Despite the general rule, defendant cites State v. Mueller, 184 N.C. App. 553, 647 S.E.2d 440, cert. denied, 362 N.C. 91, 657 S.E.2d 24 (2007), to argue that "[t]his issue was preserved for appellate review although it was not specifically addressed in Mr. Tucker's motions to dismiss." However, Mueller is distinguishable from this case. In Mueller, the issue was whether the defendant had made a motion to dismiss as to each charge, not the grounds argued for the motion to dismiss. 184 N.C. App. at 558-59, 647 S.E.2d at 445-46. Mueller held that the defendant's general motion to dismiss "preserve[d] his right to appeal all of the convictions before us based upon an insufficiency of the evidence to support each conviction." Id. at 559, 647 S.E.2d at 446. Unlike defendant herein, the defendant in Mueller did not change his argument on appeal. Id.
We therefore do not reach the merits of defendant's first argument as to the amount of cocaine possessed. This argument is dismissed.
B. Constructive Possession
Defendant's second argument is that there was insufficient evidence of his constructive possession of cocaine. Defendant contends that the State's evidence showed that he was merely near the cocaine in the vehicle but did not show that he had knowledge of its existence. Because possession or constructive possession of the same quantity of cocaine is an element of all three of the charges, he contends that all three should have been dismissed.

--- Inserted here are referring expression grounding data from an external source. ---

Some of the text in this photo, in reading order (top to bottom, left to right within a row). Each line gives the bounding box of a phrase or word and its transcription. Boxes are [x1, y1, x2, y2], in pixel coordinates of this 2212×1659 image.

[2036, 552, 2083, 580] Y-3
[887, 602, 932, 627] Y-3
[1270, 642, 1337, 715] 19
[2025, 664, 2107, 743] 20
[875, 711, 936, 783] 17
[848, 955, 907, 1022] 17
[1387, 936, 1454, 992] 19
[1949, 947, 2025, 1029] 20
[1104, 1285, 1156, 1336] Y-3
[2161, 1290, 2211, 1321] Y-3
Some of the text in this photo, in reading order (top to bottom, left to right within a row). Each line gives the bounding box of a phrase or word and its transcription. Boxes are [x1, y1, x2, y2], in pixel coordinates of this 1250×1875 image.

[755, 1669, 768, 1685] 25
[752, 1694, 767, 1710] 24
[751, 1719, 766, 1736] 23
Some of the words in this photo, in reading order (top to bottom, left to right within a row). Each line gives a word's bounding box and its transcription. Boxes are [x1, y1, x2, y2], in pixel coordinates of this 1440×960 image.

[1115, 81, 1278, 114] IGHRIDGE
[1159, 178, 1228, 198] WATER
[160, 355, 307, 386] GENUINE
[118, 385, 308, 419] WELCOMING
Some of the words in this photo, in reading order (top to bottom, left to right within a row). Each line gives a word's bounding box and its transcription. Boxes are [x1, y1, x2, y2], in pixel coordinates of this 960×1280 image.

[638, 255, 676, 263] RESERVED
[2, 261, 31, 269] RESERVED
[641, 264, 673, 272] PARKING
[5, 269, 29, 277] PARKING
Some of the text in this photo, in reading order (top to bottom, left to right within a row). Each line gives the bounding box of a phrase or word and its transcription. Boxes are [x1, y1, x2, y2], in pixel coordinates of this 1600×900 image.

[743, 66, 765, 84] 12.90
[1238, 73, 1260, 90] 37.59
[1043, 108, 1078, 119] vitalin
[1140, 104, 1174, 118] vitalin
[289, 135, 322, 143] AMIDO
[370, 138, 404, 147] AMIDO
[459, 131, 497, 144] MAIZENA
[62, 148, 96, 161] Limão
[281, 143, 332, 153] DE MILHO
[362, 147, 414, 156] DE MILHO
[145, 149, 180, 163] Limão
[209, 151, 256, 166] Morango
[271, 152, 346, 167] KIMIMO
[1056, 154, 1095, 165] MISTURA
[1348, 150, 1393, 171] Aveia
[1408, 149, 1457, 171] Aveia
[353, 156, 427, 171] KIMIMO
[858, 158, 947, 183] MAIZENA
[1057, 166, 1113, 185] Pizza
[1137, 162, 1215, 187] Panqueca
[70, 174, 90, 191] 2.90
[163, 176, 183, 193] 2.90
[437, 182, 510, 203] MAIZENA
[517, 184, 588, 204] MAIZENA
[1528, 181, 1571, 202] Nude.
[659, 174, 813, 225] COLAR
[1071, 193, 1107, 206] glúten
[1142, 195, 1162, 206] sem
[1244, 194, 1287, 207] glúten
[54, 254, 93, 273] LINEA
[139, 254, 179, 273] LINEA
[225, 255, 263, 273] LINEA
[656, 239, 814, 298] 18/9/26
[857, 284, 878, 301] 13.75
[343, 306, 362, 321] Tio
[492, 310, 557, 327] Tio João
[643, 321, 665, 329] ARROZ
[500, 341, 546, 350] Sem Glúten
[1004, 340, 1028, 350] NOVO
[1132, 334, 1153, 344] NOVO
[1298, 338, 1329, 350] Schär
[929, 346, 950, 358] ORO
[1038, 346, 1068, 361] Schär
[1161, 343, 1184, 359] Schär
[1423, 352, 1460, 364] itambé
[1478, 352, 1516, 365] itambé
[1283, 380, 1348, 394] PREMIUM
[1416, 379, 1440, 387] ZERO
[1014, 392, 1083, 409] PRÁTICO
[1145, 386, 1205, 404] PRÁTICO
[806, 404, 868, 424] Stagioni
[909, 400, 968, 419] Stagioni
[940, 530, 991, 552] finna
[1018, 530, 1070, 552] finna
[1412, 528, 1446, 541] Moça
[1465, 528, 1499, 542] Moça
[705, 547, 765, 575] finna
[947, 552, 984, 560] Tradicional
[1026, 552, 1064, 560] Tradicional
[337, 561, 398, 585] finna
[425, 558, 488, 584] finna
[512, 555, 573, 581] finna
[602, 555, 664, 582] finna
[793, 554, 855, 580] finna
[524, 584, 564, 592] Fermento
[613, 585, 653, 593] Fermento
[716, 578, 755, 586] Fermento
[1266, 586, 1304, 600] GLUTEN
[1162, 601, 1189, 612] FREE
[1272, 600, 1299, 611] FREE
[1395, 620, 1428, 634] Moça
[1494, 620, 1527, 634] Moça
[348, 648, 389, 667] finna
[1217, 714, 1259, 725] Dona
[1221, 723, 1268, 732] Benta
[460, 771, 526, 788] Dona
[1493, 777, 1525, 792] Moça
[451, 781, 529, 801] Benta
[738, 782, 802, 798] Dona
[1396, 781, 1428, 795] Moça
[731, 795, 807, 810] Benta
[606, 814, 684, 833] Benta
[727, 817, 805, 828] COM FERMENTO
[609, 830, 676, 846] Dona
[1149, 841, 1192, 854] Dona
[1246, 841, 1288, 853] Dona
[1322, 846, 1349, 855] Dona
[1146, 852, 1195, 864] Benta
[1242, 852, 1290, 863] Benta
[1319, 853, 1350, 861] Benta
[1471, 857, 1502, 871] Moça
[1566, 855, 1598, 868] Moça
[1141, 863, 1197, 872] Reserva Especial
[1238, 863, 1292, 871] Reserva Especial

The standard of review of a motion to dismiss a criminal charge for insufficient evidence is well-settled:
Evidence is sufficient to sustain a conviction when, viewed in the light most favorable to the State and giving the State every reasonable inference therefrom, there is substantial evidence to support a jury finding of each essential element of the offense charged, and of defendant's being the perpetrator of such offense.
Evidence is substantial if it is relevant and adequate to convince a reasonable mind to accept a conclusion. In considering a motion to dismiss, the trial court does not weigh the evidence, consider evidence unfavorable to the State, or determine any witness' credibility. Evidence is not substantial if it is sufficient only to raise a suspicion or conjecture as to either the commission of the offense or the identity of the defendant as the perpetrator of it, and the motion to dismiss should be allowed even though the suspicion so aroused by the evidence is strong. This Court reviews the denial of a motion to dismiss for insufficient evidence de novo.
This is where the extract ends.